Abstract

Background: Sexuality and sexual health are interconnected, and they interact with physical, mental, and social well-being to form one’s sense of wellness. In many patriarchal societies adolescent girls must be ‘seen and not heard’. They face a great deal of pressure to act in feminine ways in their relationships with others and with their bodies and may be caught in opposing discourses between chastity and fulfilling expectations of femininity. Health care professionals can promote positive sexual well-being among adolescent girls who live with conflicting sexual health discourses.Aim: This paper, through a feminist poststructuralist framework, examines the conflicting discourses of adolescent girls, who experience power struggles with regard to their sexuality and sexual health practices.

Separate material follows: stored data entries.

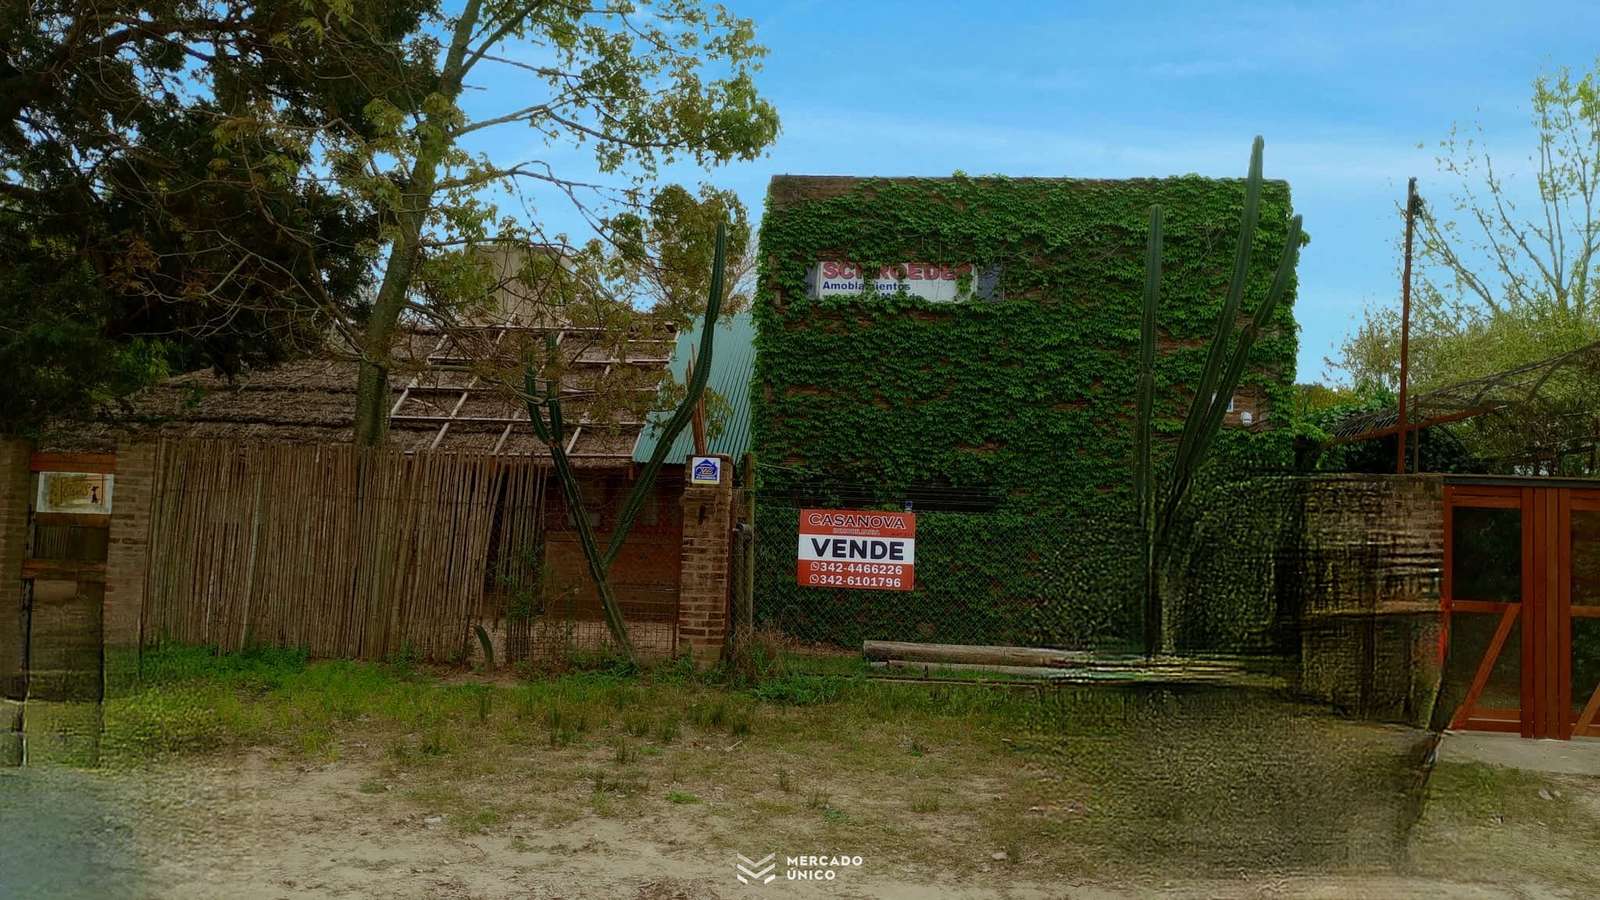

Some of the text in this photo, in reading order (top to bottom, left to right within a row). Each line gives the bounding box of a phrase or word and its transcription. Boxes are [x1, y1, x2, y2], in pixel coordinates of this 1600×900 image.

[822, 281, 911, 291] Amoblaientos
[809, 513, 906, 529] CASANOVA
[811, 538, 904, 560] VENDE
[820, 562, 903, 575] 342-4466226
[820, 575, 901, 587] 342-6101796
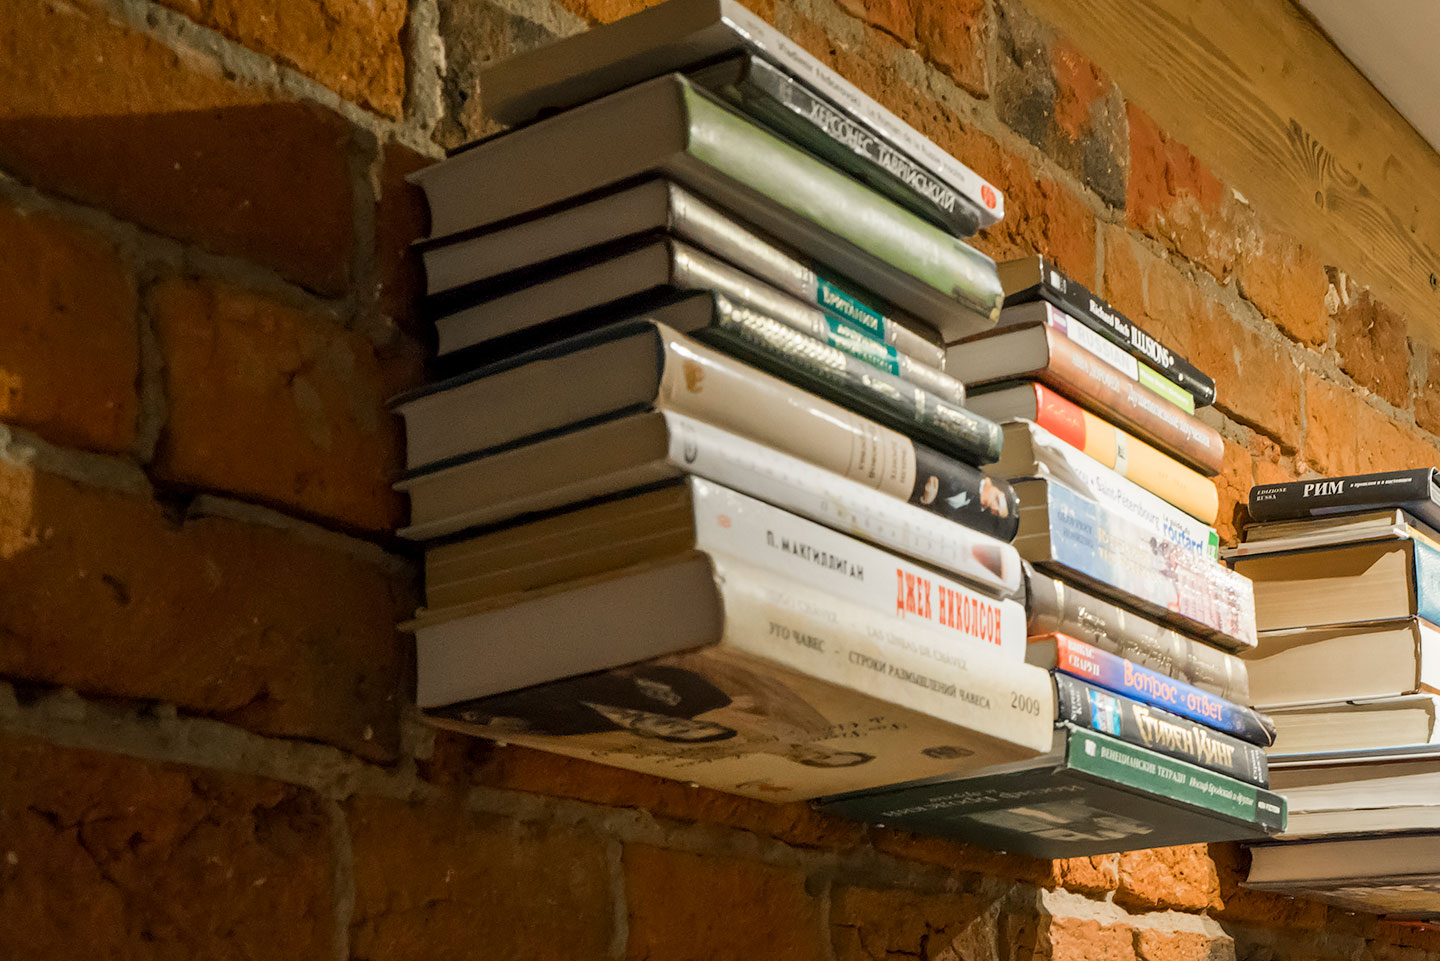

It aims to provide nurses with a pragmatic framework for exploring, assessing and potentially transforming health care situations when caring for young women in a sexual health setting.Methods: A review of the literature on adolescent girls’ sexuality and sexual health was conducted and analysed using a feminist poststructuralist framework. Nursing strategies to address the identified issues in practice were based on a feminist poststructuralist framework.Results: The feminist post structural framework highlights the conflicting discourses related to adolescent girl’s sexuality and sexual health practices. Themes identified from the review, as they relate to sexual discourse, were power, language, subjectivity, and agency. Thus the theoretical underpinnings of feminist theory and post structuralism can help nurses to explore the sexual health of adolescent girls and improve the delivery of sexual health care.Conclusion: This paper provides strategies on how to incorporate theory to improve nurses’ understanding about adolescent girls’ sexual health.